La Commission Justice et Paix de la Conférence épiscopale du Congo est rassemblée du 20 au 24 mars à Kinshasa. Réunissant les représentants des 47 diocèses de la RDC, ces assises se penchent sur le thème "Elections et questions majeures de la gouvernance".
Suivant ce thème, les travaux permettront de réfléchir, non seulement sur les questions liées aux prochaines élections (dont la date n'est pas encore tout à fait fixée), mais aussi sur celles ayant trait à la sécurité, à la fiscalité, à la dette de la RDC, à l’exploitation de ses ressources naturelles et aux stratégies de croissance et de réduction de la pauvreté, ainsi qu’à la lutte contre la corruption.
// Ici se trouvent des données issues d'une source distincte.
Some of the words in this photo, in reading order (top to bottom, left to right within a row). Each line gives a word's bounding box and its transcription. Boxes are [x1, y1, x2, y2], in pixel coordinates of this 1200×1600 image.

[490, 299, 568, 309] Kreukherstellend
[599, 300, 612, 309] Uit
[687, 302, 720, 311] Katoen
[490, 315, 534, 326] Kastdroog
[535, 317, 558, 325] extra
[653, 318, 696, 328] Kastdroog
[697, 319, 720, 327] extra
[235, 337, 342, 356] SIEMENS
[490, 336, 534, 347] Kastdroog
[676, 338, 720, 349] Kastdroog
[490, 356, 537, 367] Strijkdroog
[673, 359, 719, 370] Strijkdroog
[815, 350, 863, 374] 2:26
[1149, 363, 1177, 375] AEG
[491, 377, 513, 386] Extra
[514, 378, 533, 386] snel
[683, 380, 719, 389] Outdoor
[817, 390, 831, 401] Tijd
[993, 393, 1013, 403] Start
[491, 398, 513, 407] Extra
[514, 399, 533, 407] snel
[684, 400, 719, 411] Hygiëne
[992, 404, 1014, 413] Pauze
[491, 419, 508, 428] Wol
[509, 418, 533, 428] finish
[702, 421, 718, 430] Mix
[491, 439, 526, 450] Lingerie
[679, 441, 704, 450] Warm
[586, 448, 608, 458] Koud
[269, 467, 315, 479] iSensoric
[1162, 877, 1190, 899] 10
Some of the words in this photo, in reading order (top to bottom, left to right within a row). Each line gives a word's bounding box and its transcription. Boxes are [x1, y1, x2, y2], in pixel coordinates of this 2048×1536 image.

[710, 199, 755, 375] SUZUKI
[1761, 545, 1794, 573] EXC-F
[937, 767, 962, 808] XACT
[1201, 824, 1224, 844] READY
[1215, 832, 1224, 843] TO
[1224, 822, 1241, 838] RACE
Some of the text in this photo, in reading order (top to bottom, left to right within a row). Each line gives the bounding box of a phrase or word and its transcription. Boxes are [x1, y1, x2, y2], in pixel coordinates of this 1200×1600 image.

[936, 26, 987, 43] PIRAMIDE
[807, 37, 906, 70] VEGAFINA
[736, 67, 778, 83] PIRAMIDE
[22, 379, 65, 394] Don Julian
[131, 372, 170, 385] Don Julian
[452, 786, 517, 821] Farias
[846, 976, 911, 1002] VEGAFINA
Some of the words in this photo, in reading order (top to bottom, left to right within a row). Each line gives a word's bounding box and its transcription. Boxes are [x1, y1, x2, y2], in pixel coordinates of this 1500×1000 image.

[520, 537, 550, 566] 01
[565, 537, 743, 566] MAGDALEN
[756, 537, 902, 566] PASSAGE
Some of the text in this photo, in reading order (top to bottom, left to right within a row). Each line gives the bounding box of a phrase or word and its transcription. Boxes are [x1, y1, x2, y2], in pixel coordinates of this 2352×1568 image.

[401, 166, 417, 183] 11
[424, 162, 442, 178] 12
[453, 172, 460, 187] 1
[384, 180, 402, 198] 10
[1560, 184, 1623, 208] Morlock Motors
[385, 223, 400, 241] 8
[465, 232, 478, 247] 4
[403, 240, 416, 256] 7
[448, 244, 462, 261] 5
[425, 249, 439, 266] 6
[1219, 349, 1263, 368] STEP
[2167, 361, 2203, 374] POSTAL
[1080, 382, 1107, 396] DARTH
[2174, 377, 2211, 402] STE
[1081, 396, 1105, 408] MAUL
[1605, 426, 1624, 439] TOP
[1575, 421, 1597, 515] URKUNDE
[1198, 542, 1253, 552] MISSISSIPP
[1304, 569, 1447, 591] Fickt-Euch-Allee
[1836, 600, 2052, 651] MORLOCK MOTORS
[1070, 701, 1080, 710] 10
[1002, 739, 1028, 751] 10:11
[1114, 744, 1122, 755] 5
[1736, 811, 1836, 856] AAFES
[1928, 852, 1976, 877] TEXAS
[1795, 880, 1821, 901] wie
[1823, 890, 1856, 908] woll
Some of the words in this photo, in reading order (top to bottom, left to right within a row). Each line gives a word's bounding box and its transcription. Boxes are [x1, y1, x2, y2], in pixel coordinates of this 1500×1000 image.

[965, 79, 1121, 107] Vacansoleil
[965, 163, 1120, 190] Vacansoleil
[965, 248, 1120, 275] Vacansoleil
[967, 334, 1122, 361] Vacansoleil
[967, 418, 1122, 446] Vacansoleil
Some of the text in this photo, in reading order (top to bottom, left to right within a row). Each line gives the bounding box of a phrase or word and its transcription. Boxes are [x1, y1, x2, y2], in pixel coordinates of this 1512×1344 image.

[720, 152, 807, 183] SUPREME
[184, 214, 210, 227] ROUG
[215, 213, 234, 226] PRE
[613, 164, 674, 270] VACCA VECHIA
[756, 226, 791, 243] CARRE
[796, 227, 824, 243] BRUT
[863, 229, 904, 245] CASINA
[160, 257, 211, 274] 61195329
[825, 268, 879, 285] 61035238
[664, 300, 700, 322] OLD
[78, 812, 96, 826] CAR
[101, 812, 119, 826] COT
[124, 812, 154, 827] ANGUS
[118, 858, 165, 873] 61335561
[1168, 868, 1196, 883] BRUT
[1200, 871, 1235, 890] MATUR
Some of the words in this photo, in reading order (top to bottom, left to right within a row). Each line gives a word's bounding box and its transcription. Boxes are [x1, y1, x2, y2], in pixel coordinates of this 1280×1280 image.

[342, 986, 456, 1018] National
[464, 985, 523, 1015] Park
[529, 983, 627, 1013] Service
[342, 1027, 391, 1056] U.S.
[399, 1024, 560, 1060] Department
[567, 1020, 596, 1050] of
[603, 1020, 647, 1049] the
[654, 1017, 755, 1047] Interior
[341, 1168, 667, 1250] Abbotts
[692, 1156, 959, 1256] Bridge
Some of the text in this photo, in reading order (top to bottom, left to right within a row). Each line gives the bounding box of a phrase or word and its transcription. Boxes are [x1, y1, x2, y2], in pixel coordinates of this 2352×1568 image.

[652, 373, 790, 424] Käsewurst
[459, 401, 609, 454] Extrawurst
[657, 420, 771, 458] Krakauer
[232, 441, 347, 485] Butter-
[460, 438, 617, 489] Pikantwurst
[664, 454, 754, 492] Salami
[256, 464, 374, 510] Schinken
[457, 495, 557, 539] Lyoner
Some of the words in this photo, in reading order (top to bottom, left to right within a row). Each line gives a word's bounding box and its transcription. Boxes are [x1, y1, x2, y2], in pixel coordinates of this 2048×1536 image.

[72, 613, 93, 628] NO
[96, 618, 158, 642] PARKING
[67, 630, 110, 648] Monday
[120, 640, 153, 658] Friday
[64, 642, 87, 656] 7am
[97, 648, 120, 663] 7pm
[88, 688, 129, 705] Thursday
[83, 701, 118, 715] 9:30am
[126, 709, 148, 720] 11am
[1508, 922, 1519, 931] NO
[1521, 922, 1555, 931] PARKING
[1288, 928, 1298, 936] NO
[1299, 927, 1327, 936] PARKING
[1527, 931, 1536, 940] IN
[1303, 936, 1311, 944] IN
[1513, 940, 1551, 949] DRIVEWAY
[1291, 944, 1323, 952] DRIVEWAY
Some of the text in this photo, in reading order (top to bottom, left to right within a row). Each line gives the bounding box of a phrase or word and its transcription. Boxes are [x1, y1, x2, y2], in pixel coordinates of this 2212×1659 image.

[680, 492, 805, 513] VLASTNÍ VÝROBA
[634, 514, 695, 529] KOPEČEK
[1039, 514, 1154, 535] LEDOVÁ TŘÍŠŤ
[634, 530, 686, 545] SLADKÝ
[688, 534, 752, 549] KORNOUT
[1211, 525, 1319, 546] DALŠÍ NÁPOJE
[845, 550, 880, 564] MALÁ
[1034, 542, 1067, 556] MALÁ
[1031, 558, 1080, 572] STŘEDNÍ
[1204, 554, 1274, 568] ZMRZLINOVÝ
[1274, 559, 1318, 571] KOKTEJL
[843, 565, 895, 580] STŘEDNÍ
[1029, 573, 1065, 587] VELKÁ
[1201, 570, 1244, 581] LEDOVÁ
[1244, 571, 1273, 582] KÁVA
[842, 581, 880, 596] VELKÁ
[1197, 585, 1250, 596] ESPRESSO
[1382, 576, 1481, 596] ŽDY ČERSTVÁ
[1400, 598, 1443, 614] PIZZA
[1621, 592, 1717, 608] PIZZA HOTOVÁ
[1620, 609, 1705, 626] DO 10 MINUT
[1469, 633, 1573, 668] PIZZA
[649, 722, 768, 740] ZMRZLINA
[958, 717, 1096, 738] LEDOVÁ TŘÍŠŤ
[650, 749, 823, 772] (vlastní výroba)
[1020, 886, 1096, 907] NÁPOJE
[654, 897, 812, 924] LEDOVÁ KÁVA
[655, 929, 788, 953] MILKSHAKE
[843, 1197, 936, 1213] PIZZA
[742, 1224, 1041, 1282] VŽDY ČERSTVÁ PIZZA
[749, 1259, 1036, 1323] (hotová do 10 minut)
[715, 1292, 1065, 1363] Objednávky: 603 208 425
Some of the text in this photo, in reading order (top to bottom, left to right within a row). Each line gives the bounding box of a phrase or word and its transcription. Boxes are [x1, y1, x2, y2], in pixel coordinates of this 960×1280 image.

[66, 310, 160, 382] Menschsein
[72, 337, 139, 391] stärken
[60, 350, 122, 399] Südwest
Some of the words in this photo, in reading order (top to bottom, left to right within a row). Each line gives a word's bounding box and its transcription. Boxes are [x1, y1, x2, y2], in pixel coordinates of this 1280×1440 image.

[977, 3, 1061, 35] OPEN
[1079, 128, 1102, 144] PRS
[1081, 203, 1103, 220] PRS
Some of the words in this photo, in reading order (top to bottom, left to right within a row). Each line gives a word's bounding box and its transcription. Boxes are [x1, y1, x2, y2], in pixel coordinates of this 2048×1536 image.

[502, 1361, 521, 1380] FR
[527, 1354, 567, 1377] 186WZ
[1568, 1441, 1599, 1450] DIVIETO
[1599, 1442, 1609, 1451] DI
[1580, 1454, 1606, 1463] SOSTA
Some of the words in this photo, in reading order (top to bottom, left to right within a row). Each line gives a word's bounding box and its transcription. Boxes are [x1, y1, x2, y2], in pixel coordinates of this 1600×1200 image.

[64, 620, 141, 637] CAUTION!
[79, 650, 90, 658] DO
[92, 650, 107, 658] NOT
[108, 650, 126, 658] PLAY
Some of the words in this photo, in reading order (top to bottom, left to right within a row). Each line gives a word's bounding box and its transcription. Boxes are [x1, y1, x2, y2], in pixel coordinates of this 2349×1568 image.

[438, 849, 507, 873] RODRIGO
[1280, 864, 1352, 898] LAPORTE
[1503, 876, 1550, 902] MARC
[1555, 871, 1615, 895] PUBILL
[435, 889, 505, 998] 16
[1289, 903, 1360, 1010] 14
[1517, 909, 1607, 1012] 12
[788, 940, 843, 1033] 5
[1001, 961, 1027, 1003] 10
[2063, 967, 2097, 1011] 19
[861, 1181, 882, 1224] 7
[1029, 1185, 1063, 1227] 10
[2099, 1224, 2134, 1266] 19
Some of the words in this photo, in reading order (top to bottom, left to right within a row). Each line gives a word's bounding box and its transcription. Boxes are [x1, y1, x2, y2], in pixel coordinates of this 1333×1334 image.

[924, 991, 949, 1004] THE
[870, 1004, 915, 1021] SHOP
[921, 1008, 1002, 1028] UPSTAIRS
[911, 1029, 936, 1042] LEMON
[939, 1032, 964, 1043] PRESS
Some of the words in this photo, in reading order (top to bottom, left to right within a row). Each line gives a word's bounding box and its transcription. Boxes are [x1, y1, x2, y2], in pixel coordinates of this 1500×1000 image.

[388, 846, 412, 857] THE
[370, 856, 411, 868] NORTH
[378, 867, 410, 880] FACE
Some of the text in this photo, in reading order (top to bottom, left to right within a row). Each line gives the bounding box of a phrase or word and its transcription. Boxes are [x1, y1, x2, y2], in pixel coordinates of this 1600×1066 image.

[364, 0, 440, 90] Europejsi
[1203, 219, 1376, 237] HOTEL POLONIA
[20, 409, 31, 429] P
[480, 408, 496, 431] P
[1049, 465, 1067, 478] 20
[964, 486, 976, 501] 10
Un programme chargé qui laisserait une part belle à la participation des femmes comme "éducatrices à la citoyenneté".
Pour le vice-président de la Commission électorale nationale indépendante (CENI), Jacques Ndjoli, un suivi électoral est essentiel pour la nation congolaise: "La crise, qui frappe la RDC depuis 50 ans, est celle de la légitimité et d’une rupture de confiance", a-t-il notamment souligné, tout en estimant qu’il n’est plus question de "recourir aux armes et à l’auto proclamation". Il a indiqué que la CENI s’est engagée à participer à la construction d’un Etat de droit au Congo et qu’elle partage la conviction des évêques sur la construction d’un pays porteur d’espoir, quant à l’amélioration des conditions de vie de ses populations.